Electron transfer in photosystem I reaction centers follows a linear pathway in which iron-sulfur cluster FB is the immediate electron donor to soluble ferredoxin.

Reaction centers of photosystem I contain three different [4Fe-4S] clusters named FX, FA, and FB. The terminal photosystem I acceptors (FA, FB) are distributed asymmetrically along the membrane normal, with one of them (FA or FB) being reduced from FX and the other one (FB or FA) reducing soluble ferredoxin. In the present work, kinetics of electron transfer has been measured in PSI from the cyanobacterium Synechocystis sp.

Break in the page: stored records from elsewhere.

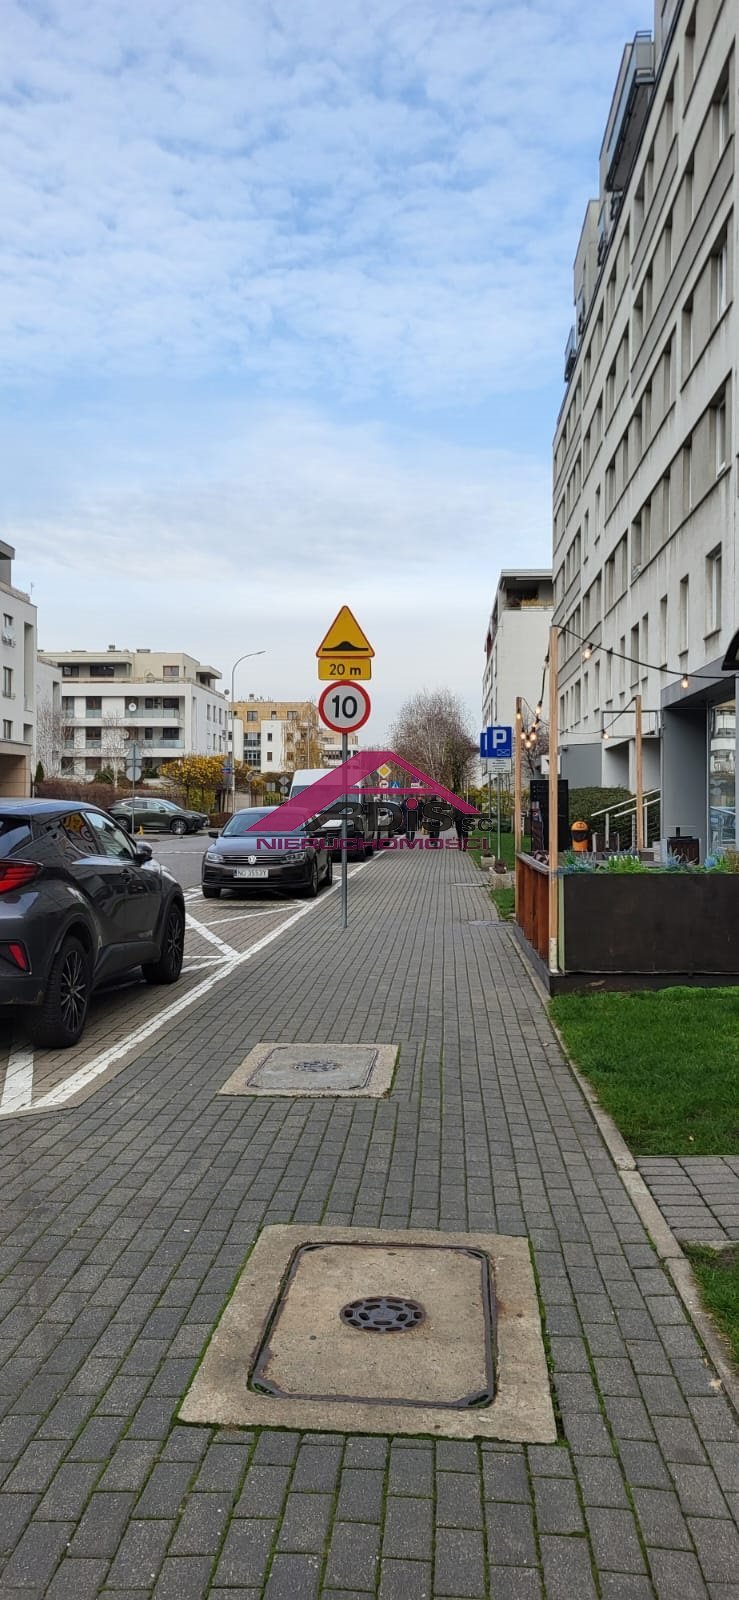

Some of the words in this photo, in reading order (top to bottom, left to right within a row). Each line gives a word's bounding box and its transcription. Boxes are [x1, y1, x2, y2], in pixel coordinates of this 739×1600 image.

[329, 663, 346, 676] 20
[350, 667, 361, 676] m
[331, 694, 358, 719] 10
[492, 729, 507, 749] P
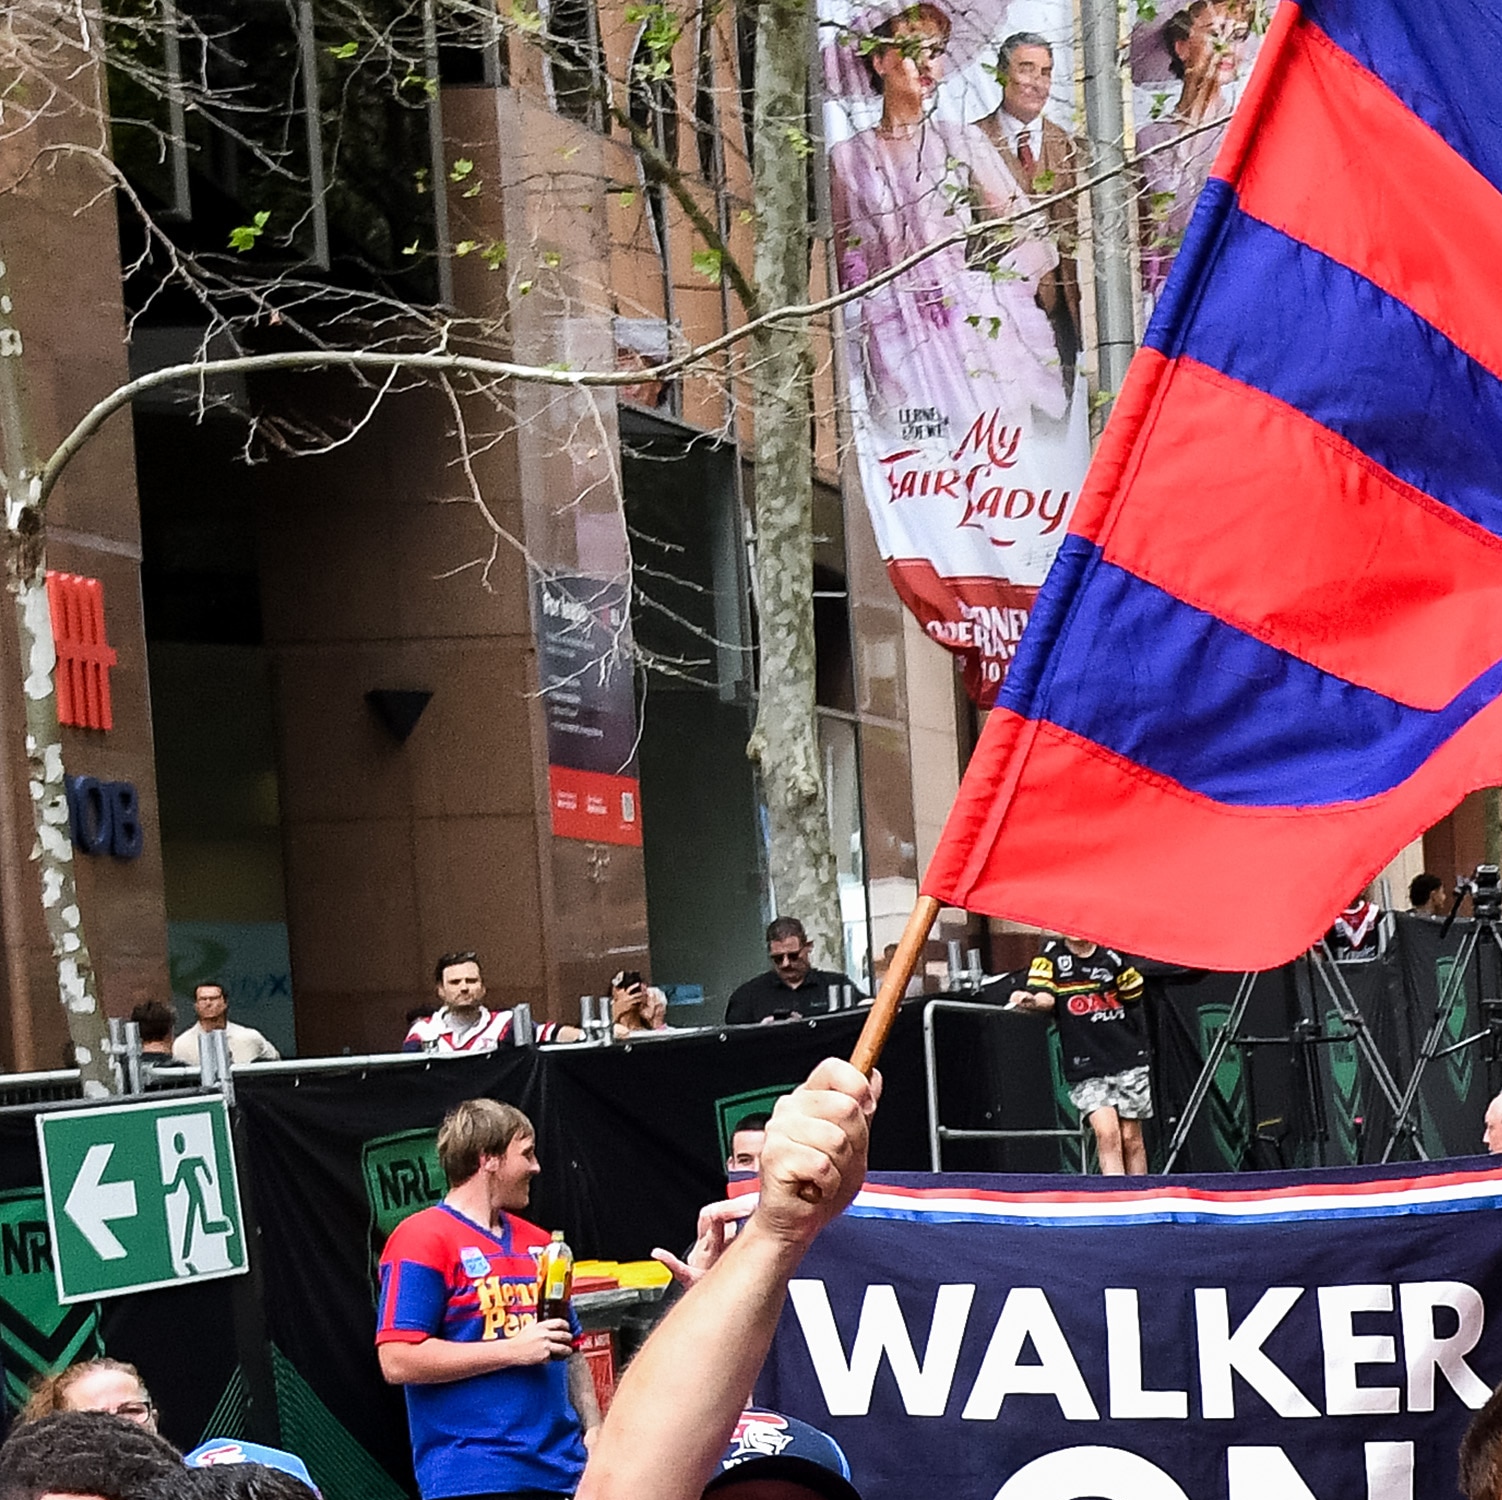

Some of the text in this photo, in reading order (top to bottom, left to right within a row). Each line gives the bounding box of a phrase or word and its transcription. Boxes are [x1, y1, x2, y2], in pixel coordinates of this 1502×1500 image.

[951, 407, 1023, 468] My
[878, 449, 1071, 535] FAIR LADY
[66, 775, 144, 862] OB
[376, 1156, 442, 1211] NRL
[1, 1220, 56, 1276] NR
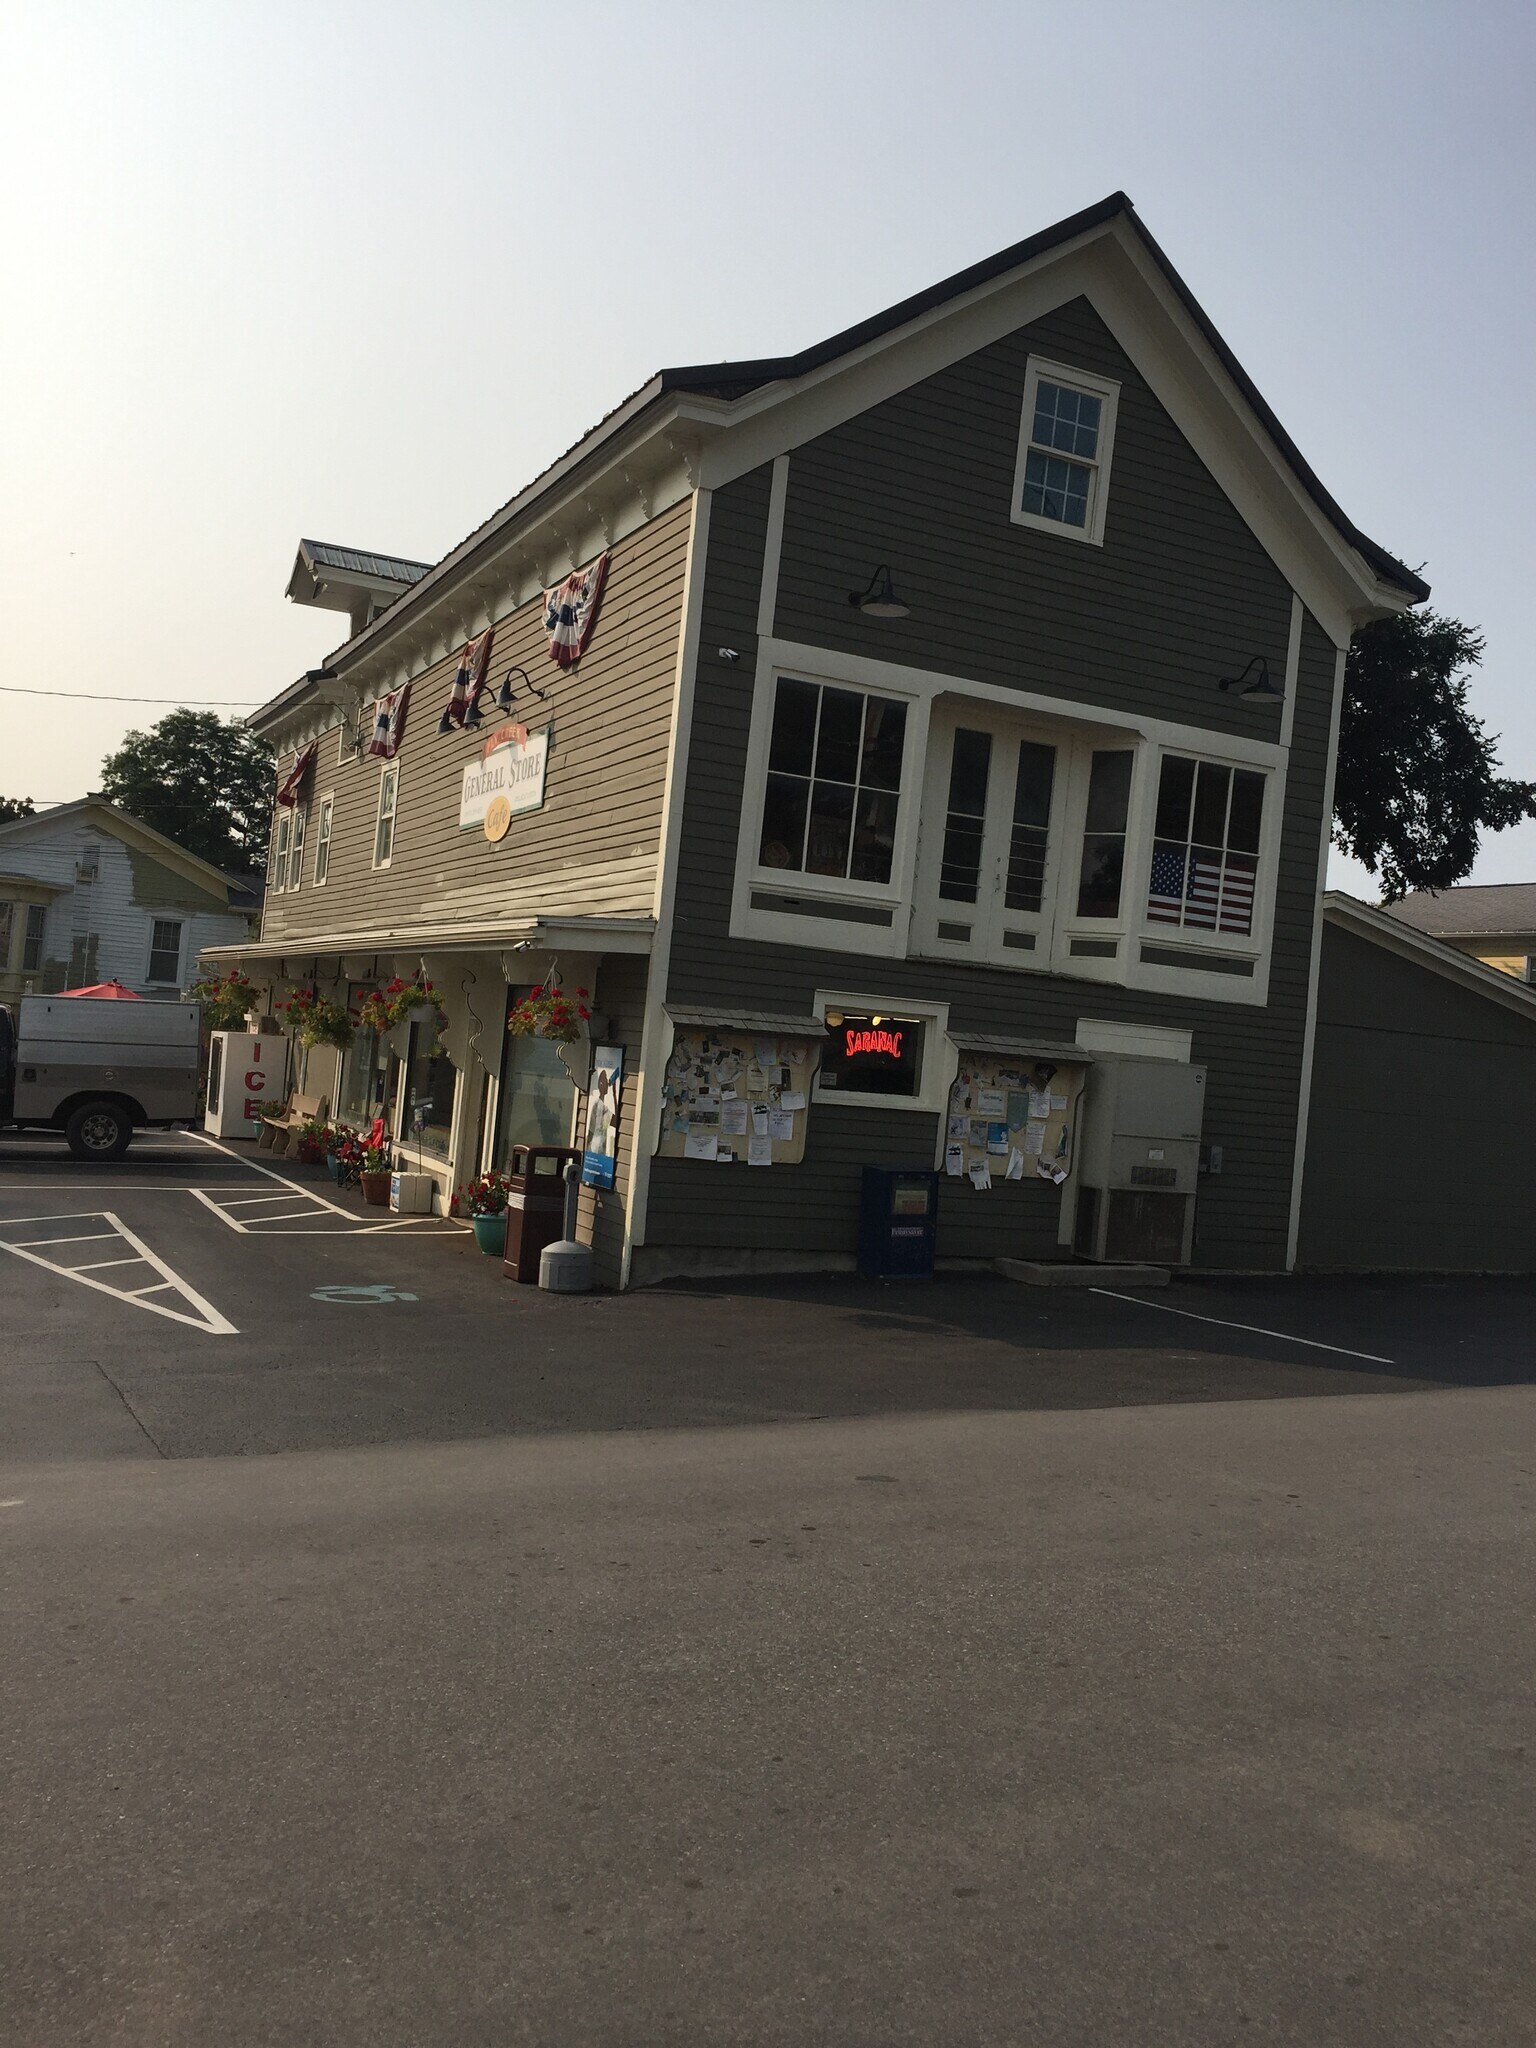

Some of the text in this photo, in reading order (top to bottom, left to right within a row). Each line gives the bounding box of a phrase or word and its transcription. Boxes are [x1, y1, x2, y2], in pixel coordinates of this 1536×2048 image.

[465, 753, 541, 802] GENERAL STORE
[846, 1030, 903, 1058] SARANAC
[245, 1043, 265, 1119] ICE
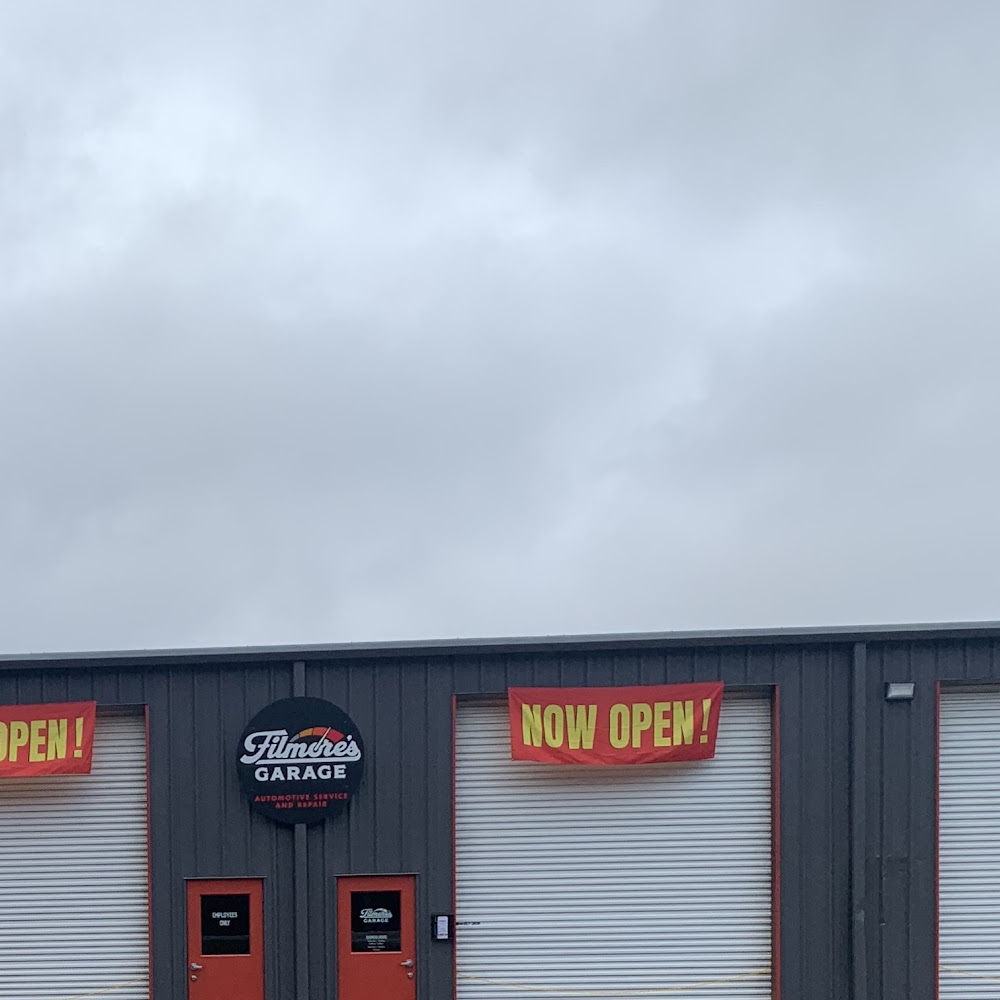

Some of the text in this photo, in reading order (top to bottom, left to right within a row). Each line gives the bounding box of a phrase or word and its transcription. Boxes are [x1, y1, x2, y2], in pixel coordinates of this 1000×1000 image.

[521, 703, 598, 750] NOW
[239, 728, 362, 766] Filmore's
[254, 764, 347, 782] GARAGE
[254, 792, 348, 803] AUTOMOTIVE SERVICE
[274, 800, 328, 809] AND REPAIR

PCC 6803 after inactivation of FB by treatment with HgCl2. Photovoltage measurements indicate that, in the absence of FB, reduction of FA by FX is still faster than the rate of FX reduction [(210 ns)-1]. Flash-absorption measurements show that the affinity of ferredoxin for HgCl2-treated PSI is only decreased by a factor of 3-4 compared to untreated photosystem I. The first-order rate of ferredoxin reduction by FA-, within the photosystem I/ferredoxin complex, has been calculated from measurements of P700+ decay. Compared to control PSI, this rate is several orders of magnitude smaller (6 s-1 versus 10(4)-10(6) s-1). Moreover, it is smaller than the rate of recombination from FA-, resulting in inefficient ferredoxin reduction (yield of 25%). After reconstitution of FB, about half of the reconstituted photosystem I reaction centers recover fast reduction of ferredoxin with kinetics similar to that of untreated photosystem I. These results support FB as the direct partner of ferredoxin and as the more distal cluster of photosystem I with respect to the thylakoid membrane, in accordance with a linear electron-transfer pathway FX-->FA-->FB-->ferredoxin.